# [Excerpts from a dataset]
##############################
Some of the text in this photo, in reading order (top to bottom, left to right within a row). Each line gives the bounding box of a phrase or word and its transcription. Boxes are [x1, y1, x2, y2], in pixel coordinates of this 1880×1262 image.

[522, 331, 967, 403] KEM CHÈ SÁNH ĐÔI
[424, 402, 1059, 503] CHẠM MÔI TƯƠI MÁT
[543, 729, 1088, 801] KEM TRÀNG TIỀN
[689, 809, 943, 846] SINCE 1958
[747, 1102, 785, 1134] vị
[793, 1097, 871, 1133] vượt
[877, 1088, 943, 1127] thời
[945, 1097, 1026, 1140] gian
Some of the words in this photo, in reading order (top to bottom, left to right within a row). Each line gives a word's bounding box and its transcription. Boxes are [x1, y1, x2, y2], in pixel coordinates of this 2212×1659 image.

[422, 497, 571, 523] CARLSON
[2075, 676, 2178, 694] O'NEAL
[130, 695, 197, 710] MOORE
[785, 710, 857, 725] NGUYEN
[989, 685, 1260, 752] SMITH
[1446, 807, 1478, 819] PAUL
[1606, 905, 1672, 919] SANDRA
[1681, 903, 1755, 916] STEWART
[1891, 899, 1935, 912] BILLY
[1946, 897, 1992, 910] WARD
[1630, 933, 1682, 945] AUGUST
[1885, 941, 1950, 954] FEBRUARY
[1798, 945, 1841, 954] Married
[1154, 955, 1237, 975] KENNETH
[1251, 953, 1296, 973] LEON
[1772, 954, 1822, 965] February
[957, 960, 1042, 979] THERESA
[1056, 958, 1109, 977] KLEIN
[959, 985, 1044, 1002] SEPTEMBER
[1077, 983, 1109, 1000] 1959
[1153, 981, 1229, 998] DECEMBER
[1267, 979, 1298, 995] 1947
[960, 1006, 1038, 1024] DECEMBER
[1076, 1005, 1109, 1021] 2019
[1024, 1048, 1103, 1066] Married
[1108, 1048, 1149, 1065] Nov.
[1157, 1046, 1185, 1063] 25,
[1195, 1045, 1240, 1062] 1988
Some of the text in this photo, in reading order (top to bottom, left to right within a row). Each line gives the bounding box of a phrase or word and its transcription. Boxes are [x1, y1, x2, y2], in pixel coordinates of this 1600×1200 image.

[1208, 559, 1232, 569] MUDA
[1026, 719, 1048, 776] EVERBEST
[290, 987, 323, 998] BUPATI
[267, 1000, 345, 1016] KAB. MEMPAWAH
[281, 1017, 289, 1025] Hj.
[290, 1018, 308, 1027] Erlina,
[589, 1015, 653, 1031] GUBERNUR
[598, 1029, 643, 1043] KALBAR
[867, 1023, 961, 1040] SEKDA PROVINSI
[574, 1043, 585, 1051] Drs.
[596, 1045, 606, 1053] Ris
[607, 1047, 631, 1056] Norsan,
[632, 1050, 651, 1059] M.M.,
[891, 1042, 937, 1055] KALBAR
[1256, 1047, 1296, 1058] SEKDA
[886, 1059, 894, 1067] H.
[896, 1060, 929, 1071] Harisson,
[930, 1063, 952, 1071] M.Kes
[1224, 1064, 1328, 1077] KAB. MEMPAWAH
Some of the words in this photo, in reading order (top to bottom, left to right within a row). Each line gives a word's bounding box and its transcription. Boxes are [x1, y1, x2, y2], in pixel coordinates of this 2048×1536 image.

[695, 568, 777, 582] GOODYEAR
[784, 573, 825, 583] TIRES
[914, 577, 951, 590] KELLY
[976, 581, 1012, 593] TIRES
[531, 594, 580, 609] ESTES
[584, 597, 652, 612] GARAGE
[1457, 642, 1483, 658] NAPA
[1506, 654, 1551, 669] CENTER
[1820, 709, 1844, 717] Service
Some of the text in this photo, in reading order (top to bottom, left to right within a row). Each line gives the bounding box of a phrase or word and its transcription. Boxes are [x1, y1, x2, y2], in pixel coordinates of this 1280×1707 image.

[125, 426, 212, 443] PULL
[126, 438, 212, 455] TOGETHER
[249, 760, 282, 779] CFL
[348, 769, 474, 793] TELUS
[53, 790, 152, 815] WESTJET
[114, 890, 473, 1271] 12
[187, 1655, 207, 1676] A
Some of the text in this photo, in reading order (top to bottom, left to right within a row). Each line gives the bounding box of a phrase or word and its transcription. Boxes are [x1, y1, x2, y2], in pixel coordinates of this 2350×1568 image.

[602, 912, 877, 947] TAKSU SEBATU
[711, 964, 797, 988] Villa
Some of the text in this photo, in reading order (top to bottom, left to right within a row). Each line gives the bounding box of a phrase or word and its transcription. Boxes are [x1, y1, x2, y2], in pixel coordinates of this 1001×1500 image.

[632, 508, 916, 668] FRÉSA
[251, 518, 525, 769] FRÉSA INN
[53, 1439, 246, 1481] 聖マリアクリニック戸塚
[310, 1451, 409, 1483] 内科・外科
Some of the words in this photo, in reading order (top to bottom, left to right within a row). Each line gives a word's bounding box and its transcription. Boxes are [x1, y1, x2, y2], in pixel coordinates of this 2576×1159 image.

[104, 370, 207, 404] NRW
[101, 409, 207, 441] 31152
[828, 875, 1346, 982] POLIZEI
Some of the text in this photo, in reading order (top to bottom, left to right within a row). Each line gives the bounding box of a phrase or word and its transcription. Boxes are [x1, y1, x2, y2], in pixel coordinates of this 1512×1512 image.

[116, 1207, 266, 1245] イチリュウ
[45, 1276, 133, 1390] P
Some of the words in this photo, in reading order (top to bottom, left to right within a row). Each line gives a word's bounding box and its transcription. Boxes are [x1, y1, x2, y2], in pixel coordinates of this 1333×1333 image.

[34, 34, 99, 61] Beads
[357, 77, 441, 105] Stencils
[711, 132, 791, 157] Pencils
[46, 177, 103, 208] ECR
##############################
# [What to produce]
The line with "this 1333×1333 image.", the last line of the data above, and every line between them should be duplicated exactly, with nothing else.

# [Your solution]
Some of the words in this photo, in reading order (top to bottom, left to right within a row). Each line gives a word's bounding box and its transcription. Boxes are [x1, y1, x2, y2], in pixel coordinates of this 1333×1333 image.

[34, 34, 99, 61] Beads
[357, 77, 441, 105] Stencils
[711, 132, 791, 157] Pencils
[46, 177, 103, 208] ECR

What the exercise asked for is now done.